Quote all of the data that follows exactly as written, skipping the images.

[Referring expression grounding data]

───

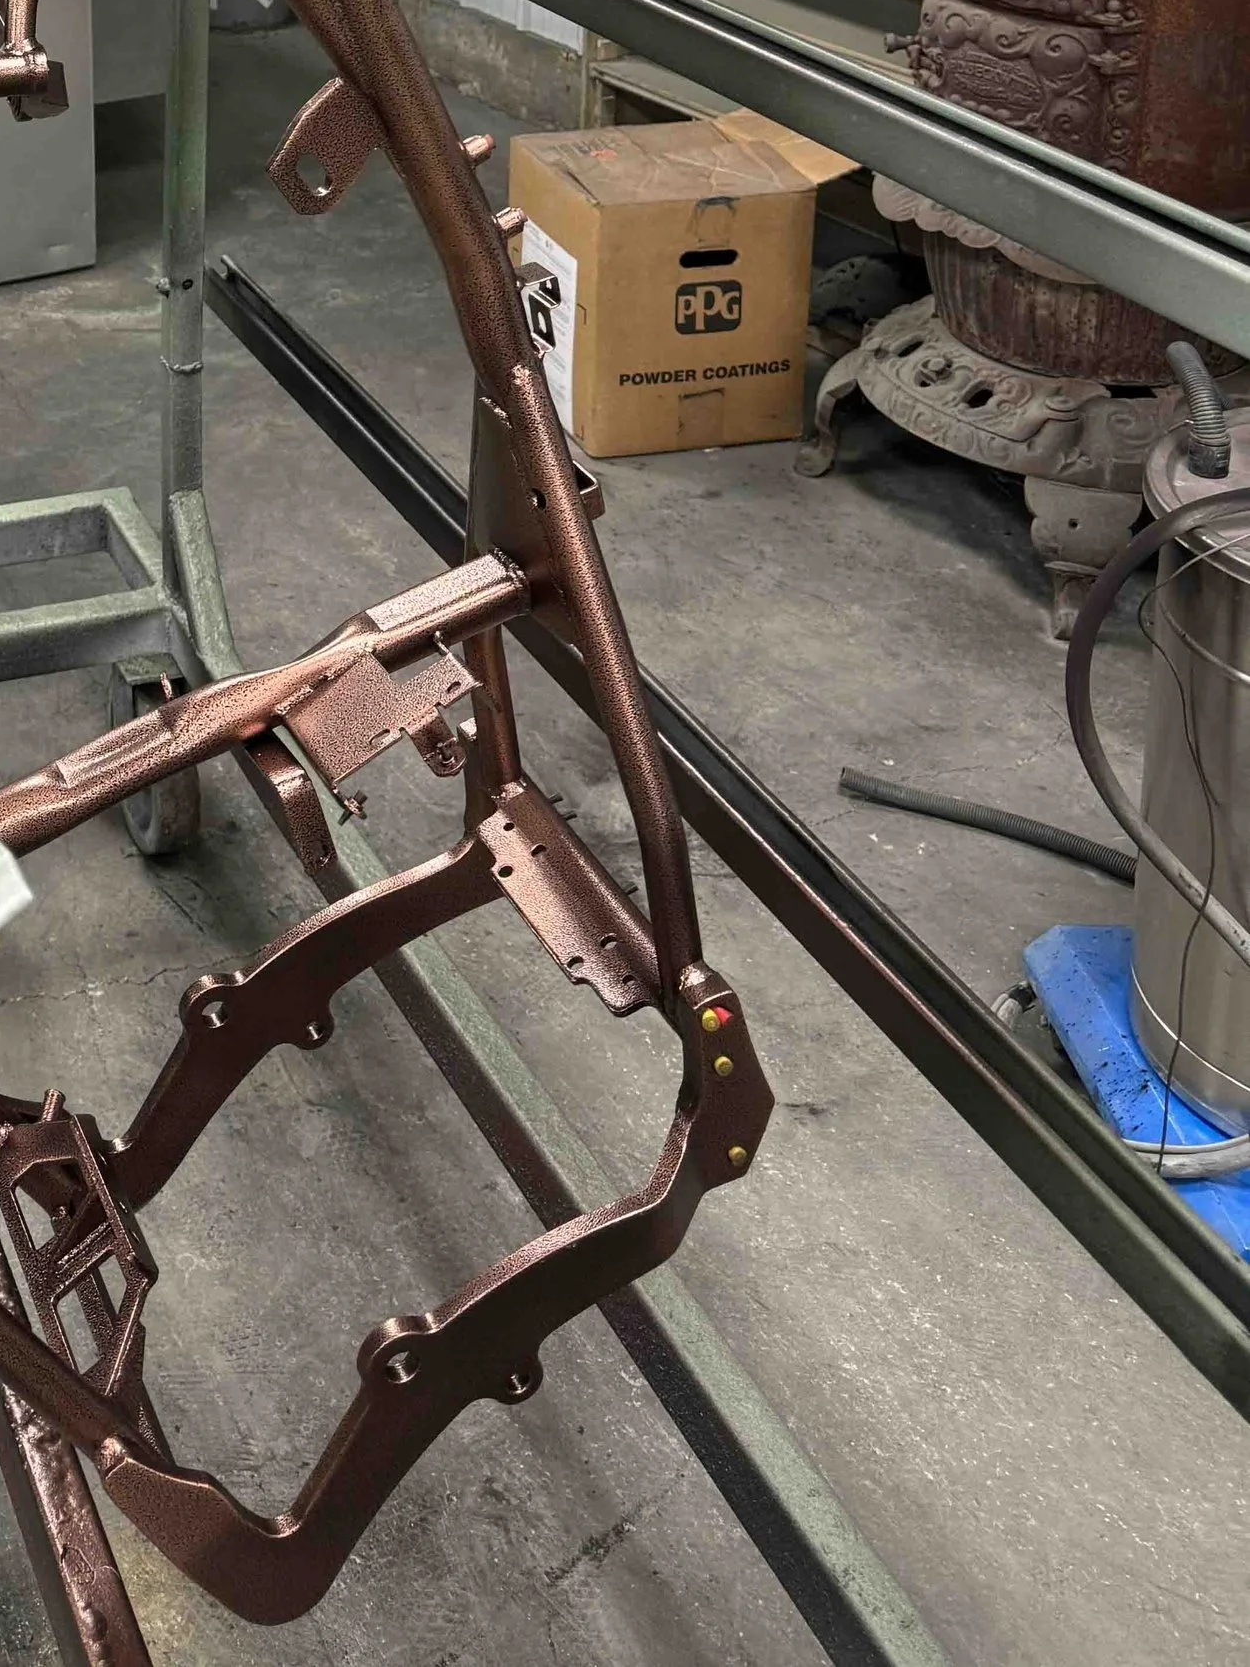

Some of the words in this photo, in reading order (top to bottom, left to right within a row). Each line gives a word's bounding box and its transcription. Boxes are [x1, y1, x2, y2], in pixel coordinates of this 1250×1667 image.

[677, 285, 740, 331] PPG
[619, 369, 697, 386] POWDER
[703, 359, 791, 380] COATINGS
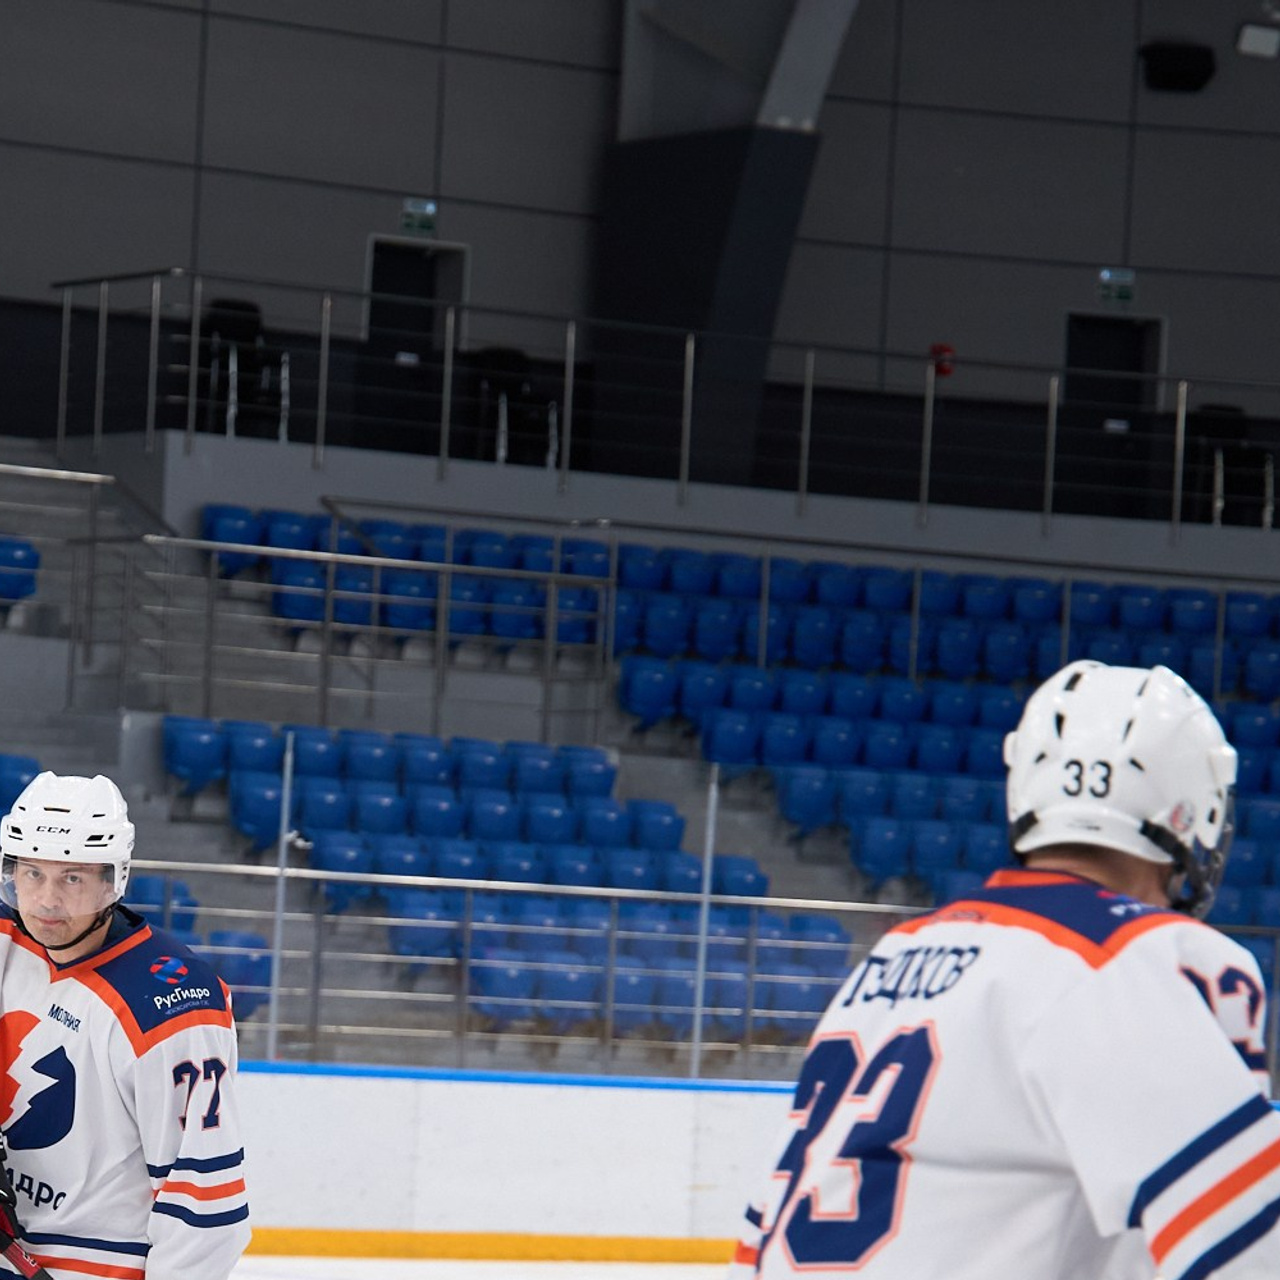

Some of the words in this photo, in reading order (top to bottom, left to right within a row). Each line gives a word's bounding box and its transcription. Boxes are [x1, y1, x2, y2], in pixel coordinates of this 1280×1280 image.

[1062, 759, 1112, 798] 33
[36, 825, 71, 835] CCM
[153, 987, 210, 1010] РусГидро
[172, 1058, 227, 1131] 77
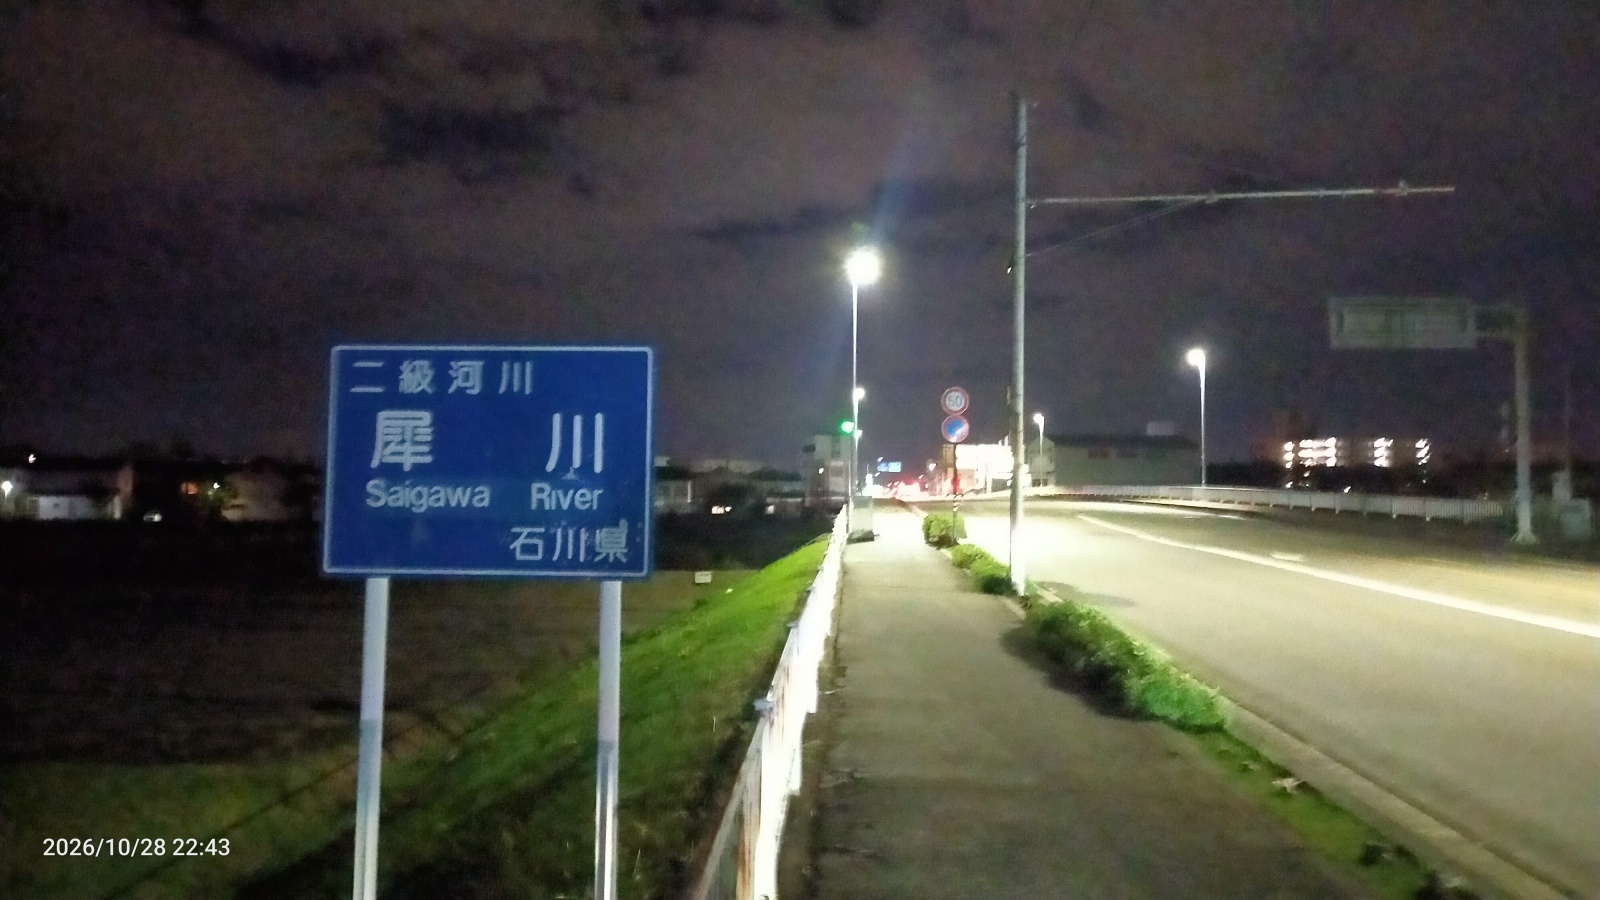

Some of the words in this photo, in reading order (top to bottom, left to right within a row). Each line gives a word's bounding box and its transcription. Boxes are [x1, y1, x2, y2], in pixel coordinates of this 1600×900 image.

[351, 360, 533, 394] 二級河川
[366, 479, 491, 513] Saigawa
[530, 482, 603, 510] River
[509, 521, 628, 562] 石川県

───

Solution to the exercise:
Some of the words in this photo, in reading order (top to bottom, left to right within a row). Each line gives a word's bounding box and its transcription. Boxes are [x1, y1, x2, y2], in pixel coordinates of this 1250×1667 image.

[677, 285, 740, 331] PPG
[619, 369, 697, 386] POWDER
[703, 359, 791, 380] COATINGS

Some of the words in this photo, in reading order (top to bottom, left to right within a row). Each line gives a word's bounding box and its transcription. Boxes are [x1, y1, x2, y2], in pixel coordinates of this 1280×1280 image.

[1062, 759, 1112, 798] 33
[36, 825, 71, 835] CCM
[153, 987, 210, 1010] РусГидро
[172, 1058, 227, 1131] 77

Some of the words in this photo, in reading order (top to bottom, left to right within a row). Each line gives a word's bounding box and its transcription. Boxes are [x1, y1, x2, y2], in pixel coordinates of this 1600×900 image.

[351, 360, 533, 394] 二級河川
[366, 479, 491, 513] Saigawa
[530, 482, 603, 510] River
[509, 521, 628, 562] 石川県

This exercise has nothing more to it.